Hervé ROCHE






Depuis plus de dix sept ans, les peintures d’Hervé Roche interrogent le paysage. Des premières prises de vue par cerf volant, aux réappropriations de plans ou aux cartes inventées, le peintre s’attache toujours à questionner l’homme et son rapport physique au monde. Le paysage est vu de l’extérieur comme de l’intérieur, entre perception du sensible et vue de l’esprit. Dans un dialogue permanent entre figuration et abstraction, il donne quelques éléments lisibles : arbres, haies, fleuve, montagne, pour que l’oeil reconstruise un paysage et se meuve dans ses ruptures.
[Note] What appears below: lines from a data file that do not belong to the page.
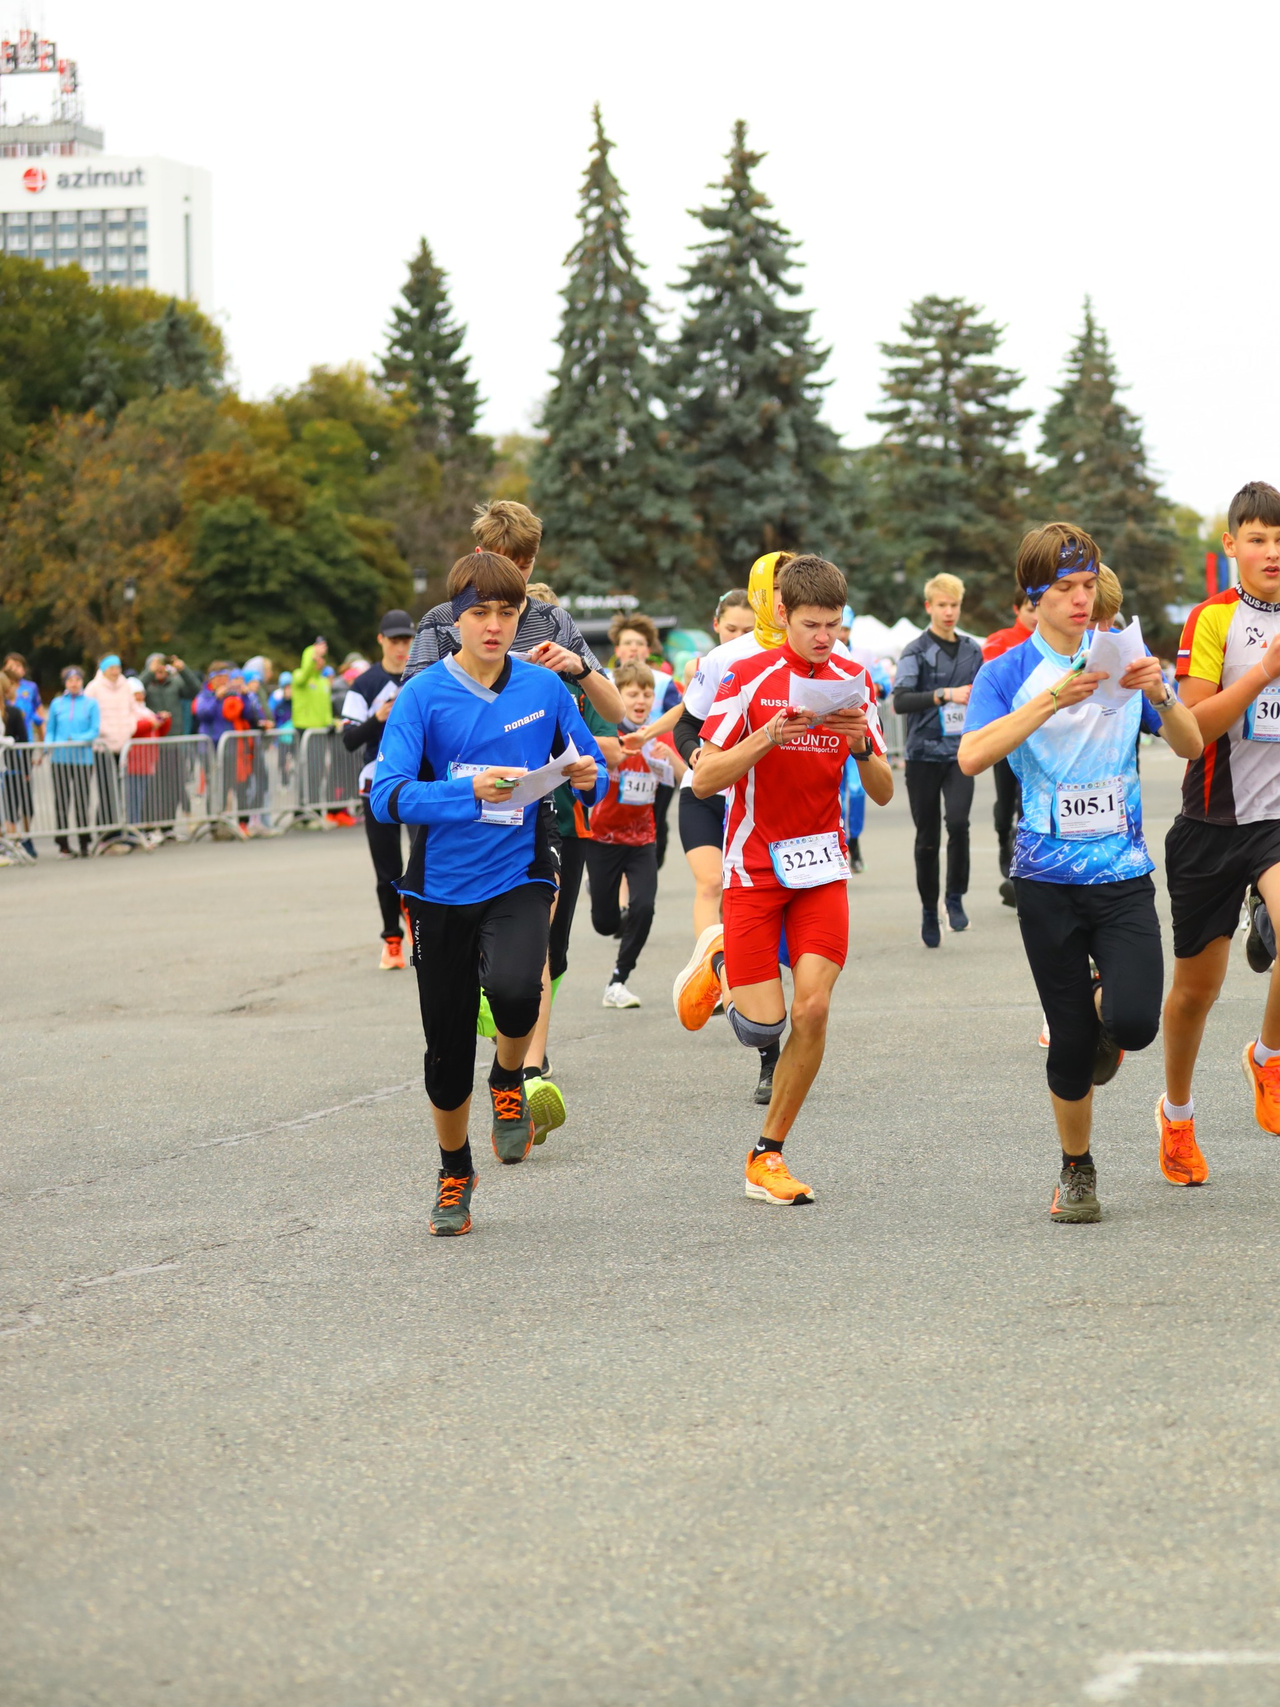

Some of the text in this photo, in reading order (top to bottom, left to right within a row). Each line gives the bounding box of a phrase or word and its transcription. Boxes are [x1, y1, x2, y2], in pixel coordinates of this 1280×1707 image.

[57, 166, 146, 189] azimut
[503, 709, 546, 733] noname
[780, 744, 839, 754] www.watchsport.ru
[787, 734, 840, 748] UUNTO
[625, 780, 655, 792] 341.1
[1060, 794, 1115, 817] 305.1
[782, 847, 832, 872] 322.1
Car les mises à l’échelle sont truquées, les plans de dessus sont inclus dans les plans de coupe, les tracés de cartes viennent veiner des paysages en contre-plongée. Plusieurs regards se conjuguent où l’on peut reconnaître la terre, la roche, les racines et même le magma des origines. Hervé Roche donne naissance à un monde géologique où le macrocosme et le microcosme se fondent pour se confondre. Dans ses toiles, les temps se succèdent et se multiplient, comme se multiplient les lieux et les espaces. Si le spectateur voyage dans les peintures d’Hervé Roche, c’est qu’il ne suffit pas d’un seul regard pour appréhender l’ensemble des points de vue. Il s’agit d’effectuer un parcours visuel, un itinéraire de découverte, constitué d’allers et retours où le don d’ubiquité nous est accordé.